Durch sanfte manuelle Techniken können diese Einschränkungen behandelt werden und die natürlichen Bewegungen der Mobilität (Beweglichkeit des Organs in der Körperhöhle) und Motilität (rhythmische Eigenbewegung um eine individuelle Achse) der Organe angeregt werden.

Die viszerale Therapie unterstützt die Organe und das umliegende Bindegewebe wieder ihre normale Funktion zu erlangen. Dies hat positive Auswirkungen auf ihre Durchblutung, Funktion und das Nervensystem, über das die Organe mit dem Bewegungsapparat verbunden sind.
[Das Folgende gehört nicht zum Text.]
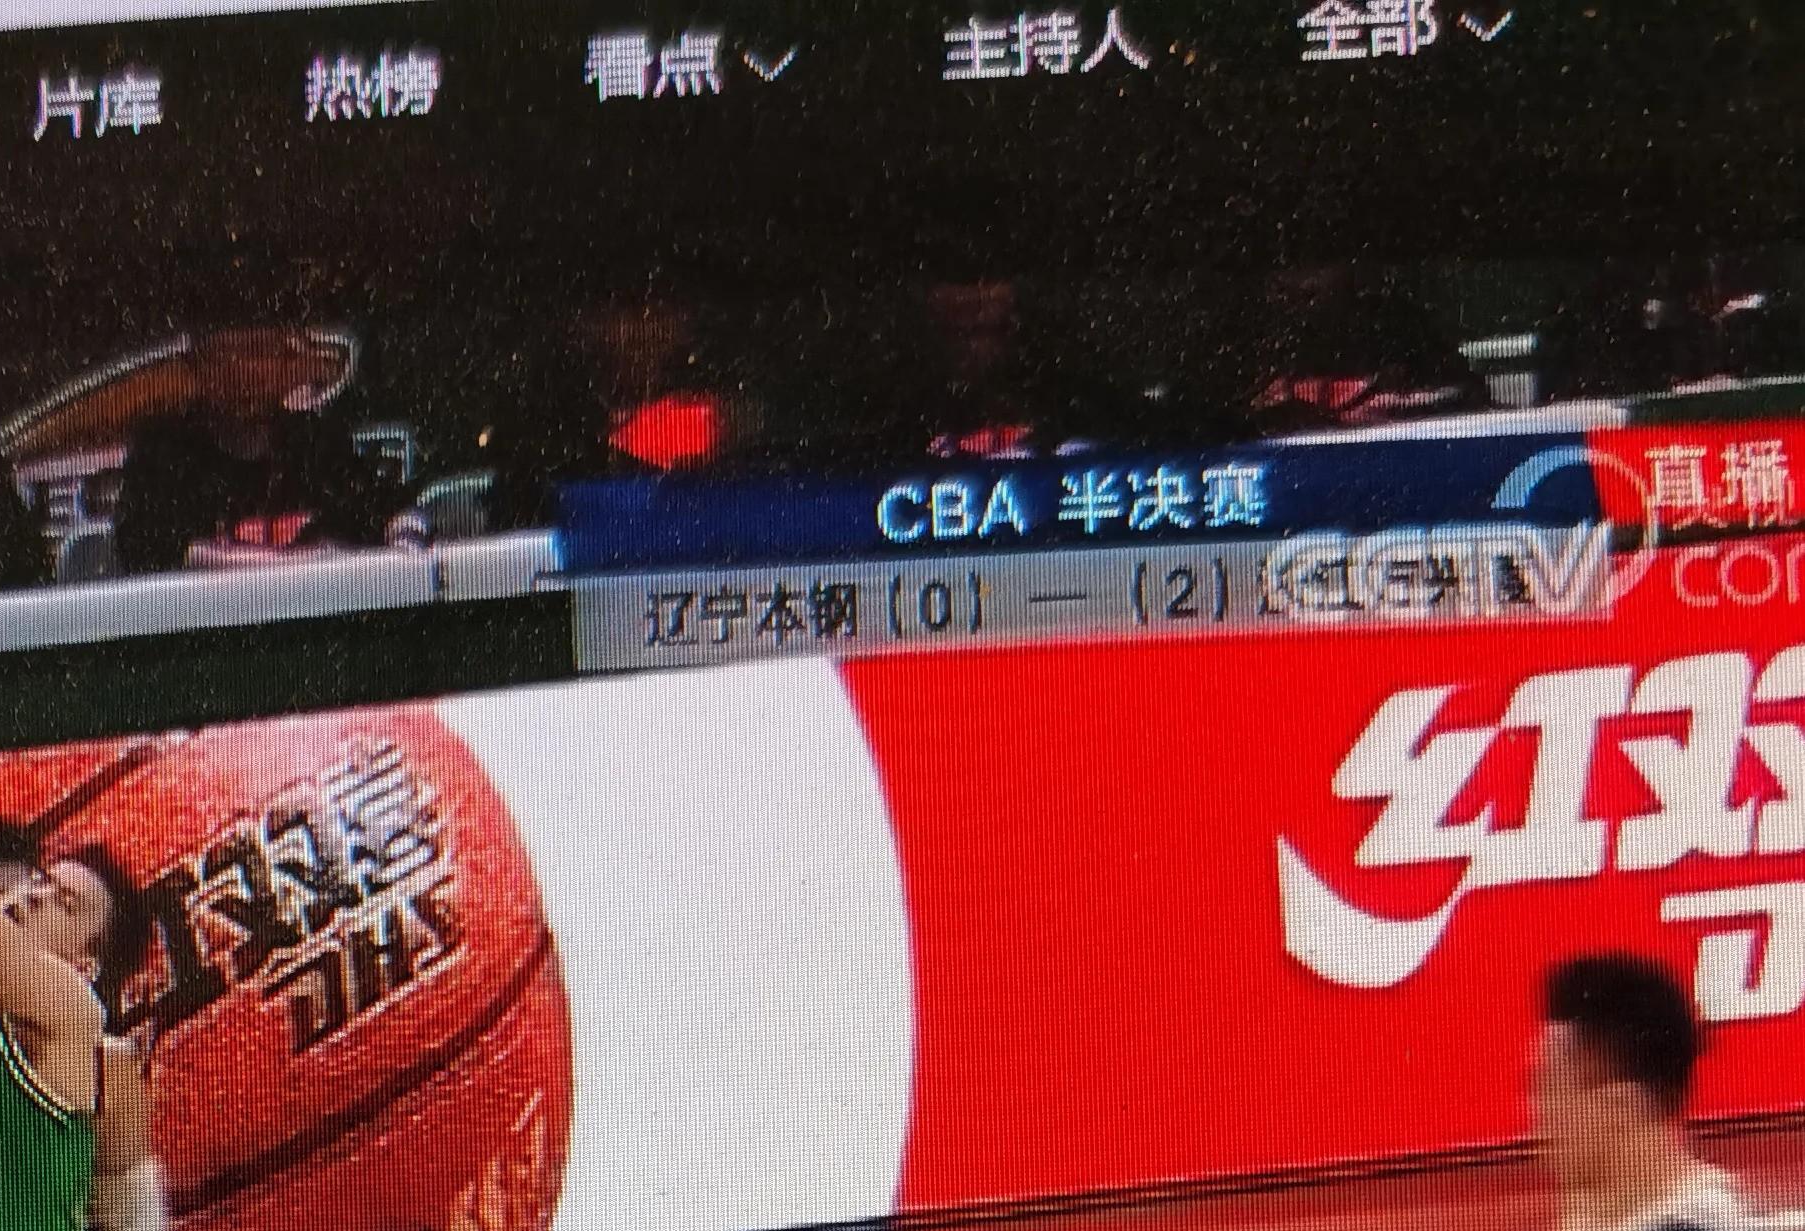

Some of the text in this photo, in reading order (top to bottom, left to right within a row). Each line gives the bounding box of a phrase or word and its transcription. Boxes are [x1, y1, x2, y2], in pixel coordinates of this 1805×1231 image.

[942, 6, 1150, 81] 主持人
[1297, 0, 1436, 60] 全部
[585, 31, 722, 103] 看点
[33, 72, 162, 142] 片库
[877, 461, 1265, 544] CBA 半决赛
Beschwerden am Bewegungsapparat, wie z.B.: Schulterschmerzen, Wirbelsäulenbeschwerden, Schmerzen und Funktionsstörungen der Hüft-und Kniegelenke etc.
Schmerzen und Funktionsstörungen der inneren Organe, wie z.B.: Verstopfungen, Blähungen, Blasenentzündungen, Inkontinenz, Sodbrennen, „Reizmagen“,  etc.
„Frauenleiden“ wie z.B.: Regelschmerzen, Schwellungen vor und während der Periode, Zysten der Gebärmutter
Unerfüllter Kinderwunsch (Mann und Frau)
Stoffwechselstörungen, Störungen des Immunsystems
Operationsfolgen wie Narben und Verwachsungen
Lymphatische Stauungen in den Extremitäten
Chronische Müdigkeit

 

Schröpfen

Schröpfen ist ein traditionelles Therapieverfahren, das seinen Ursprung in der Traditionellen Chinesischen Medizin hat.

Es werden beim Schröpfen sogenannte Schröpfköpfe auf die Haut gesetzt. Hier entsteht durch Absaugen der Luft aus dem Kunststoffglas ein Vakuum. Dieses Vakuum bewirkt durch den erzeugten Unterdruck eine besonders intensive Einwirkung auf die betroffene Hautpartie und das darunter liegende Gewebe. Dadurch können Stauungen, Verklebungen und Verhärtungen der Muskulatur, des Bindegewebes und Faszien aufgelöst und erweicht werden.

Ziele des Schröpfens sind Blockaden im Gewebe aufzulösen, den Blut- und Lymphfluss anzuregen, die lokale Durchblutung zu fördern und dadurch die Ernährung des Gewebes zu verbessern. Auf diesem Weg wird auch der Energiefluss des Körpers angeregt und gefördert.

Gute Resultate können auch bei Cellulite, Faltenbildung, Gewebsstraffung und auch bei Facelifting erzielt werden.